Cenne dzieła, które znikły z amerykańskiej biblioteki, nigdy jej nie opuściły
Dwie cenne grafiki, Duerera i Rembrandta, których zniknięcie w Bostońskiej Bibliotece Publicznej wywołało rezygnację szefowej, odnalazły się niespodziewanie w tejże bibliotece. Jak podano w czwartek, nigdy nie jej opuściły, a jedynie odłożono je w złe miejsce.

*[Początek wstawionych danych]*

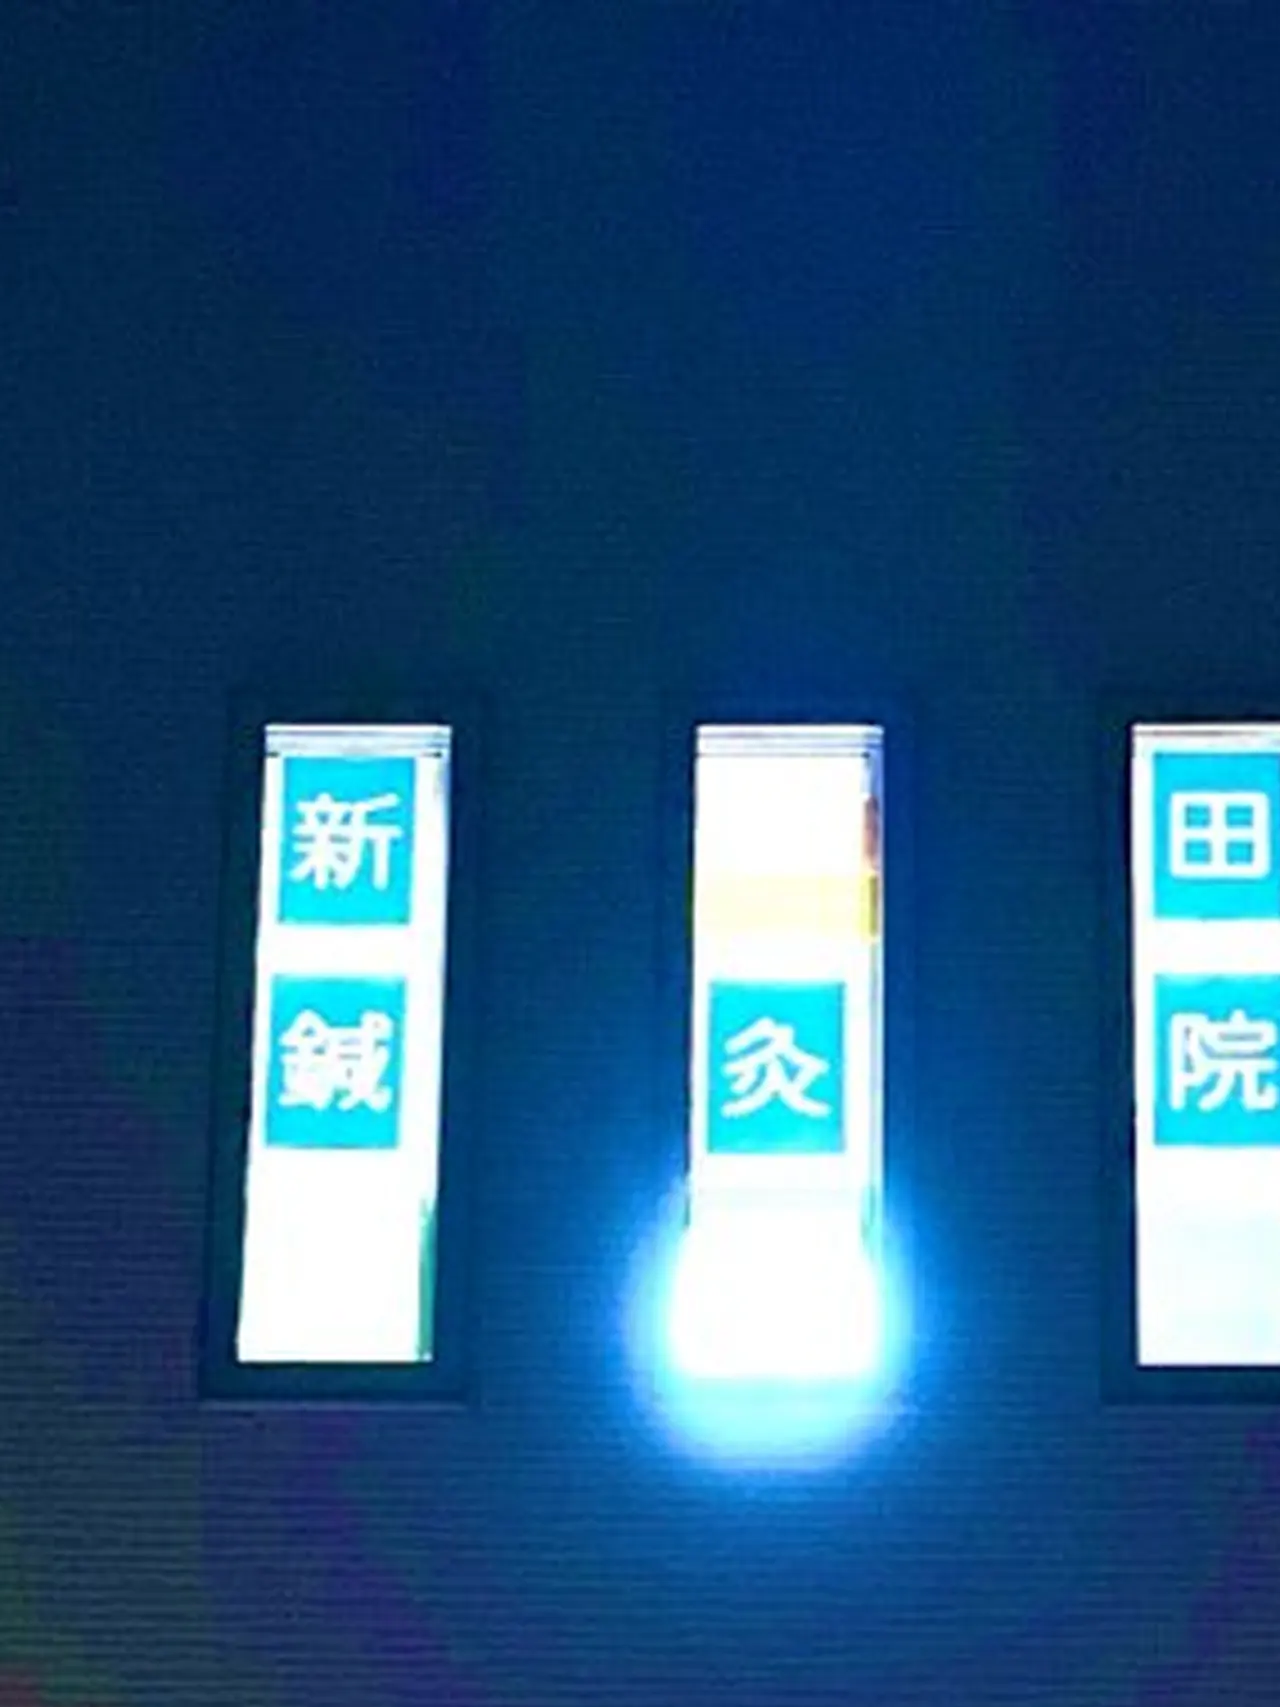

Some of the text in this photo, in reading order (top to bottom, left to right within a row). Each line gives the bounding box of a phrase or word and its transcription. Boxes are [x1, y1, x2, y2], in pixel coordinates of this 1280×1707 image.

[289, 790, 1273, 891] 新 田
[276, 1010, 396, 1112] 鍼
[720, 1016, 833, 1118] 灸

Zniknięcie wartej 600 tys. dolarów grafiki Albrechta Duerera i szacowanej na 30 tys. dolarów odbitki Rembrandta wywołało wzburzenie. Jego kulminacją była w środę rezygnacja Amy Ryan ze stanowiska prezesa biblioteki.
Jak podał "Boston Globe", grafika Duerera zaginęła rok temu, ale dopiero w kwietniu br. dowiedziała się o tym szefowa biblioteki. Zarządziła poszukiwania, a kiedy w połowie kwietnia dowiedziała się o zaginięciu Rembrandta, powiadomiła burmistrza i policję.
Funkcjonariusze uznali, że grafiki mogły zostać skradzione, ale też nie wykluczyli, że po prostu zmieniły miejsce przechowywania. Poszukiwania trwały prawie osiem tygodni; w czwartek Ryan ogłosiła w komunikacie, że dzieła odnaleziono. "Są całe i nienaruszone, po prostu odłożone w złe miejsce" - napisała w komunikacie.
Jak podaje "Boston Globe", grafiki znajdowały się niecałe 25 metrów od ich zwykłego miejsca. Podczas poszukiwań 14 pracowników przejrzało niemal 60 proc. kolekcji druków. Przeszukano też biura, pracownie i czytelnie.
Ryan powiedziała gazecie, że mimo odnalezienia grafik nadal zamierza odejść ze stanowiska i dodała, że teraz powinno jej się przywrócić jej dobre imię.
Zaginione - ale odnalezione - dzieła to: miedzioryt Duerera "Adam i Ewa" z 1504 r. i rycina Rembrandta z 1634 roku "Autoportret w czapce z piórem i opuszczoną szablą".